Broadcast had a novel idea: use it all.

HaHa Sound is a good example what a talented band can do in an era of infinite possibilities. Truly, the album's diversity knows very few limits and reads like a musical history lesson. Psychedelia, classic electroacoustics, rock, folk and even Bach-like fugues fight for the spotlight, yet never get in each other's way. "Colour Me In" begins with a (pre-drug addled) Marianne Faithfull tune, seemingly infected by broken machines: almost-identifiable samples (I think there's a bike falling off the porch in there) explode, bubble and mesh with buzzing 8-bit string sounds, harpsichord/carousel melodies and Trish Keenan's straight-out-of-a-time-machine, Euro-hippie-chic vocals. "Pendulum" shifts gears with steady lo-fi drums, organ licks and Venusian guitars; it shoegazes and glides like the greatest My Bloody Valentine B-side ever. "Before We Begin" conjures images of a kitsch-stuffed video -- all cheesy star-wipes, spinning lights and hippie slogans painted across go-go dancers' midsections.

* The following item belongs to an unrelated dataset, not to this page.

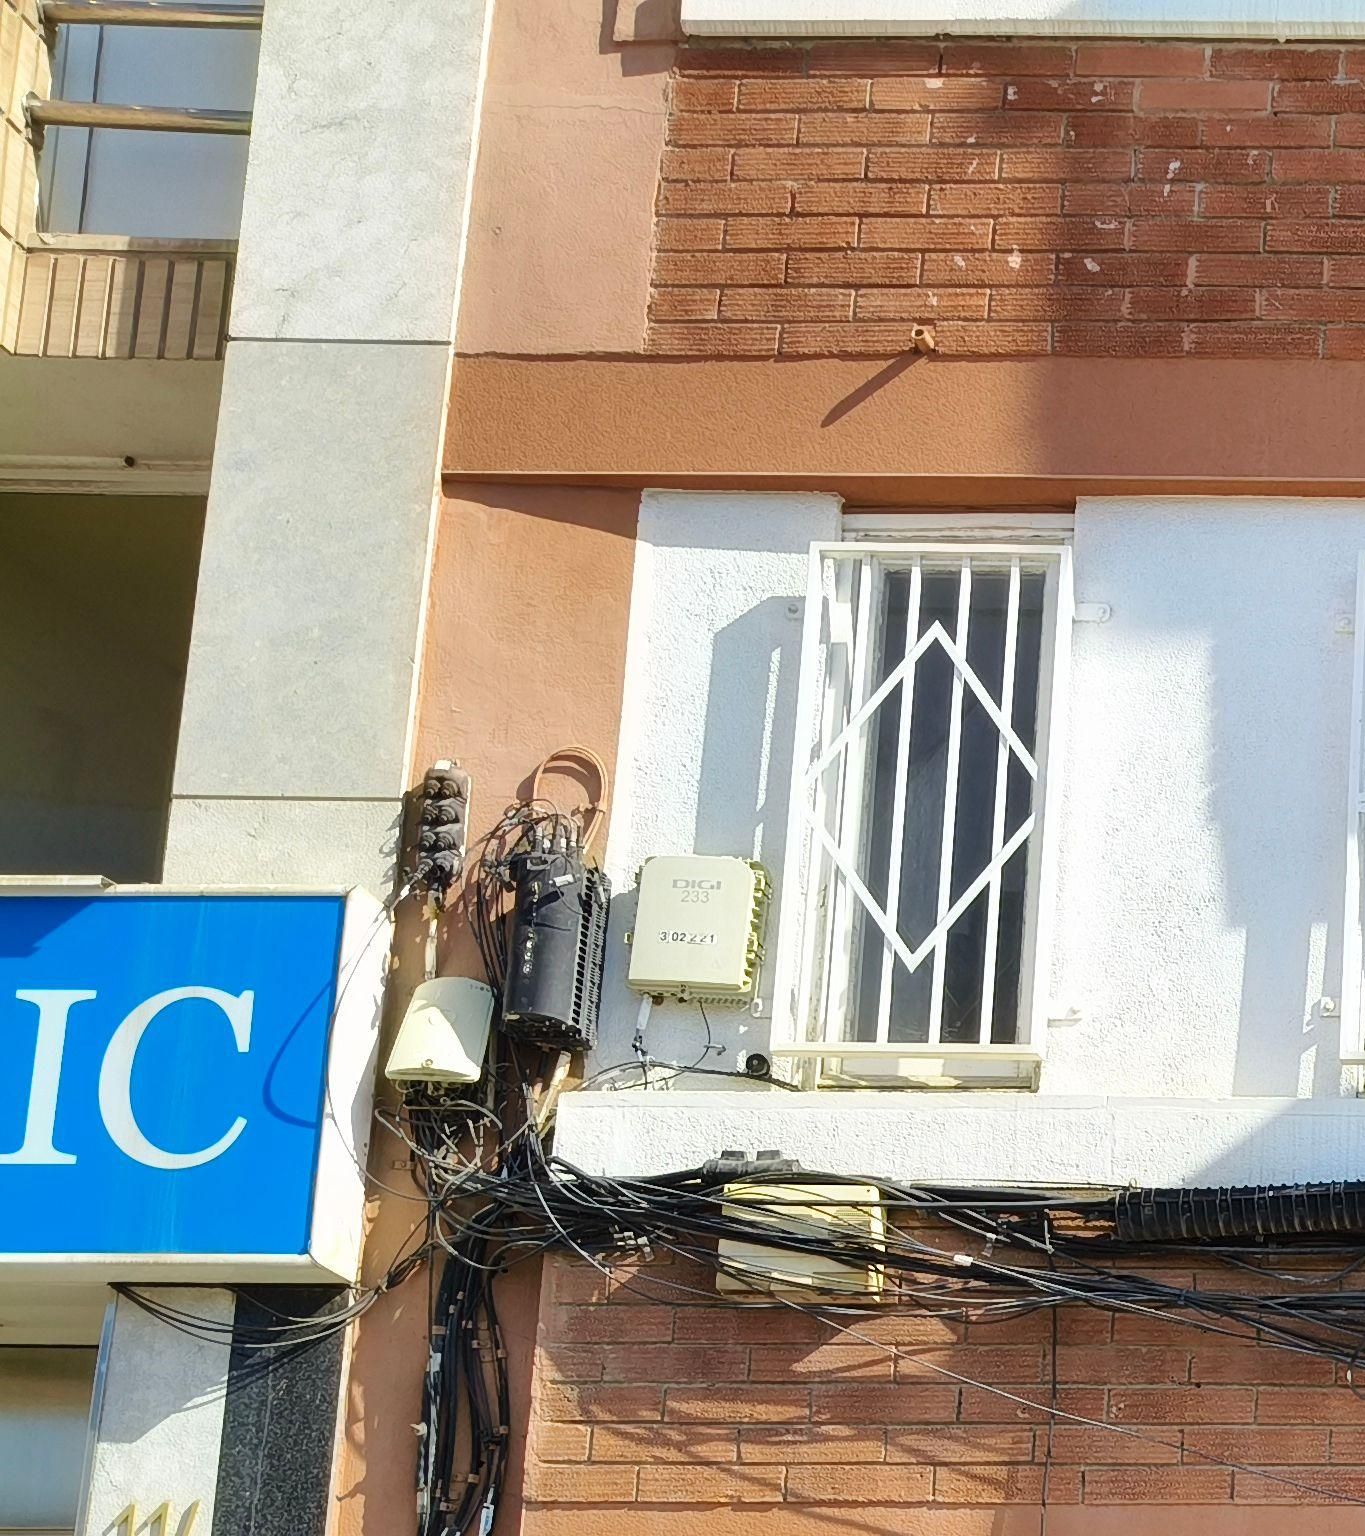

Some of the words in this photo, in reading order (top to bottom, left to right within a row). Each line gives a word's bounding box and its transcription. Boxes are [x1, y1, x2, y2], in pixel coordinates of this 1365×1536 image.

[672, 879, 722, 890] DIGI
[680, 890, 710, 903] 233
[0, 985, 255, 1171] IC
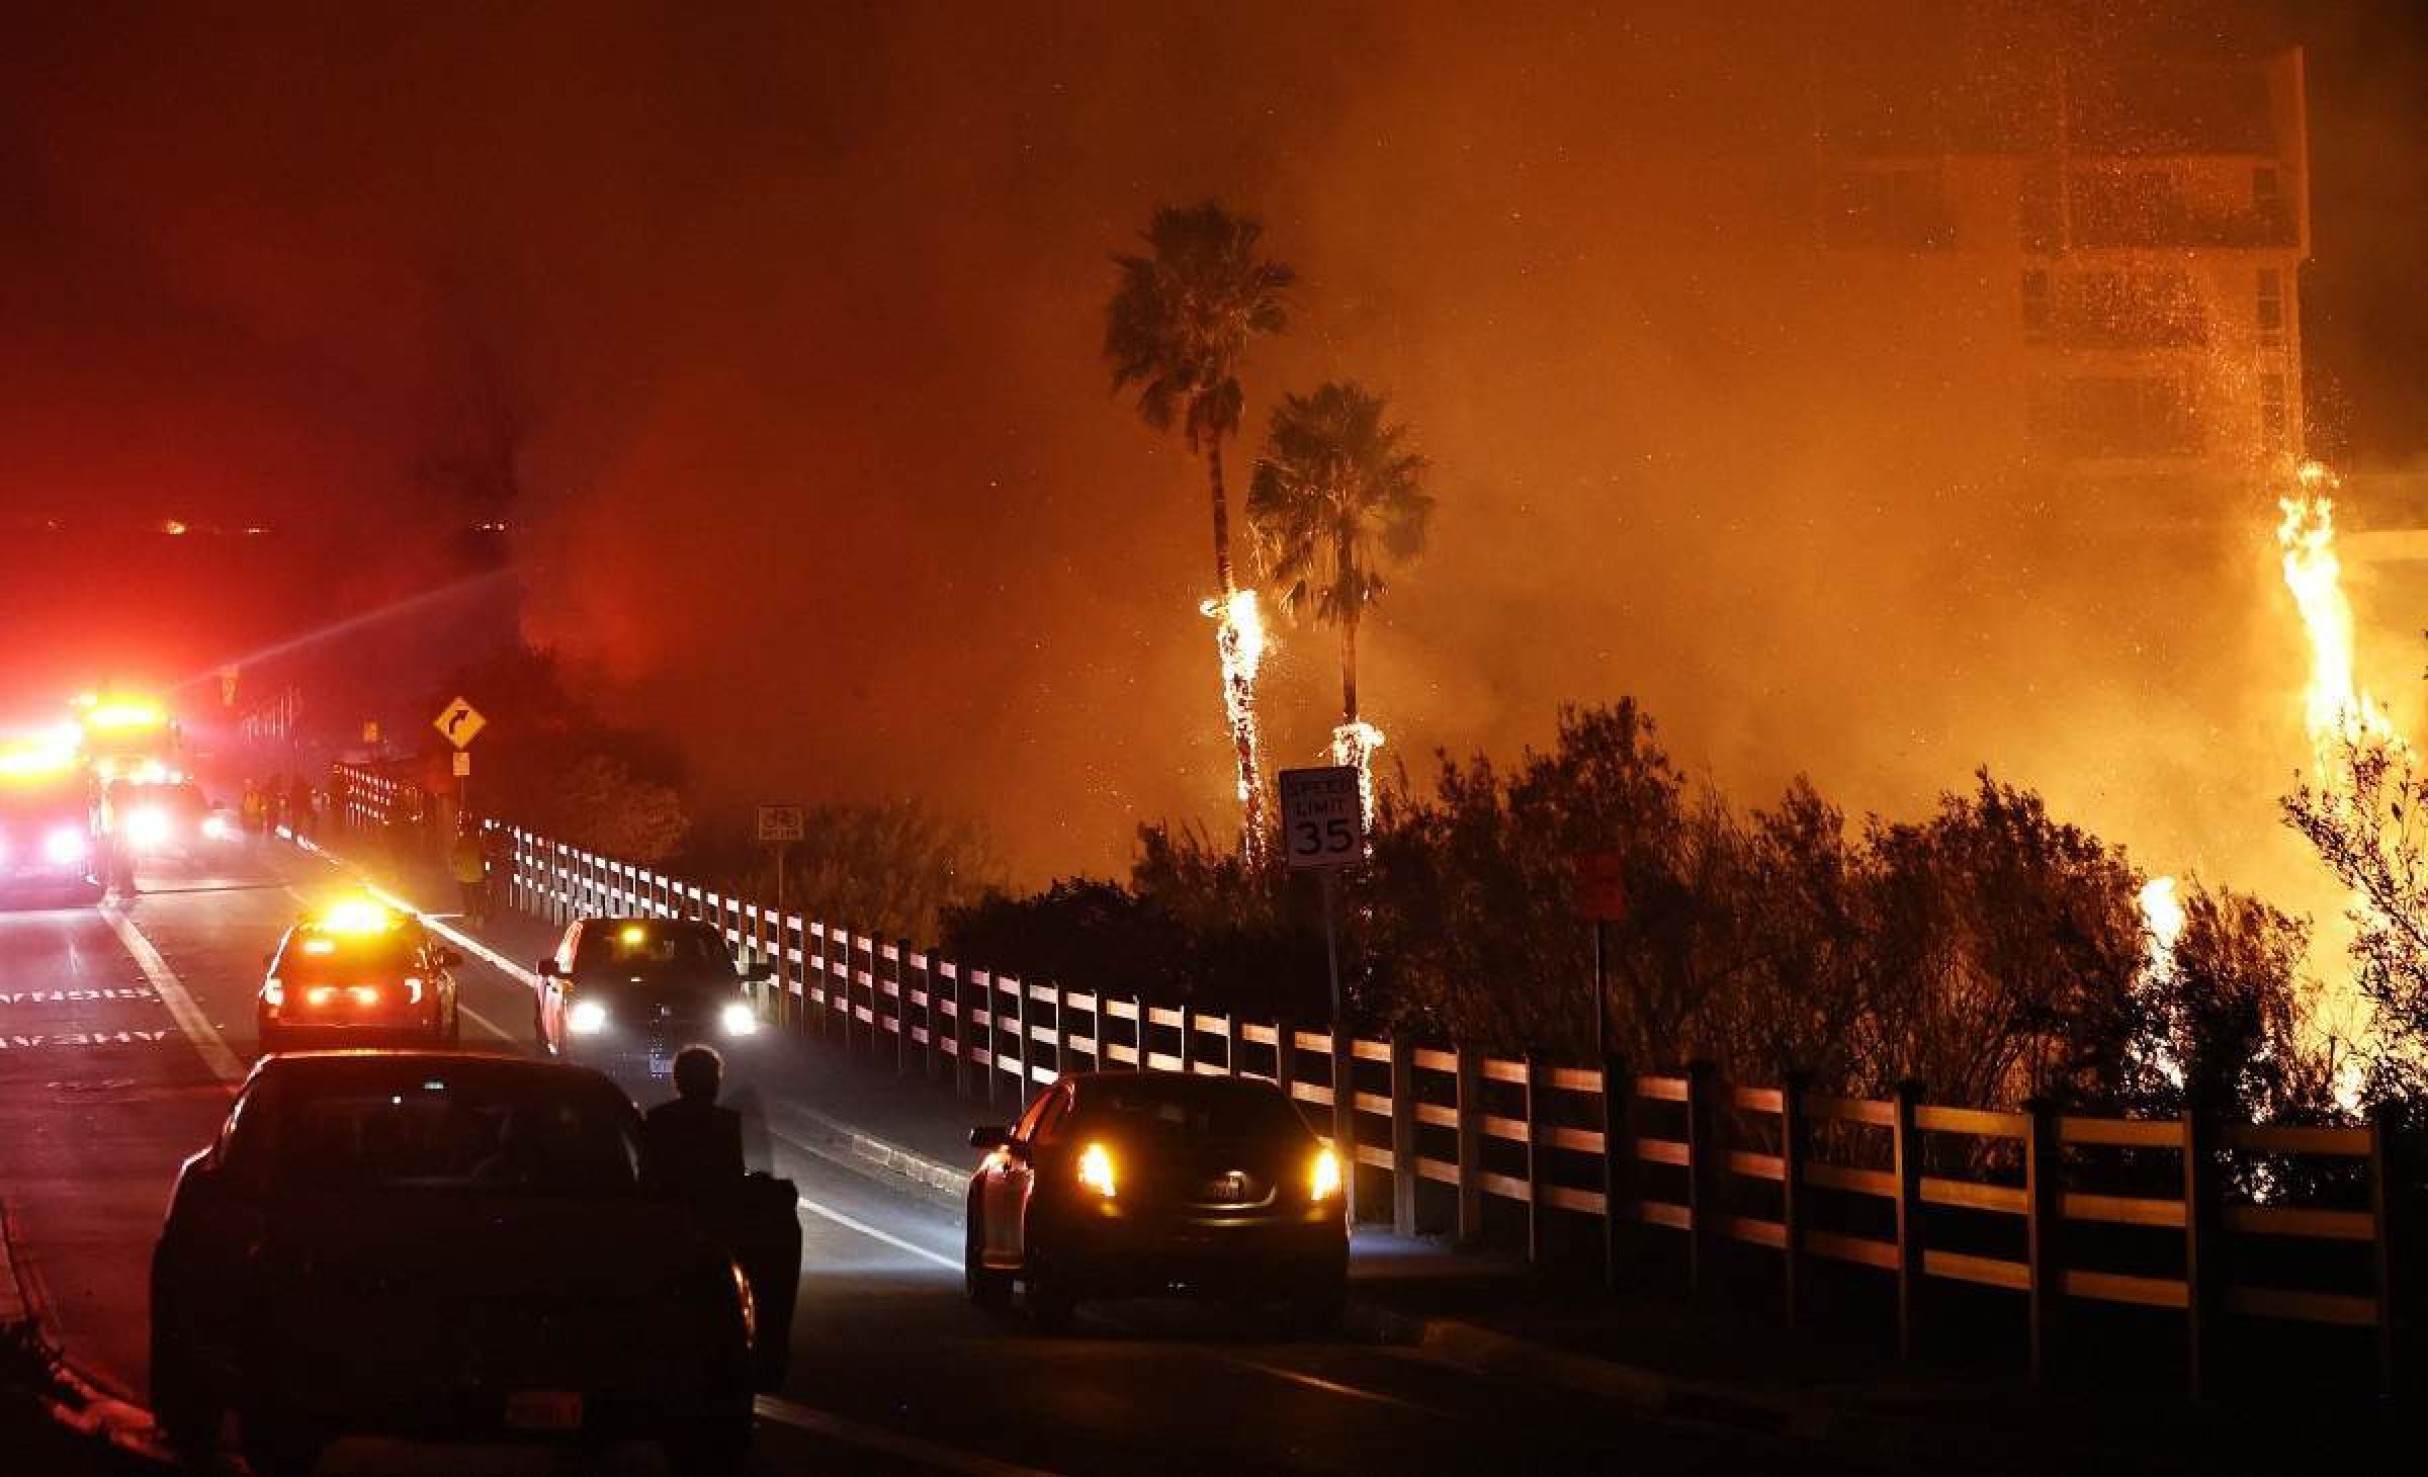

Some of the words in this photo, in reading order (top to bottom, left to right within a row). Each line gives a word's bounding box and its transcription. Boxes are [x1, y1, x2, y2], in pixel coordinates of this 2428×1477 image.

Broadcast have done some serious research, evident in their impeccable explorations, but their true genius is their ability to work with structured and not-so-structured ideas and make them feel natural. Most of the songs on HaHa Sound begin with a clear melody (usually held down in the vocals) and some other steady pattern (drums, synth blobs). These are pitched against complete dissonance created by guitars, laptops and microtonal synths -- I can't imagine how Keenan keeps her pitch when she's playing live. It's as if two bands collided onstage, but somehow fused their polar opposite personalities to make something organic, even if that cohesion sometimes hangs by a thread ("Distorsion", "Hawk").

Broadcast evidently have no qualms about living in ambiguity, using whatever tools are available and turning chaos into catchy cohesion. As a result, HaHa Sound is a disorderly delight.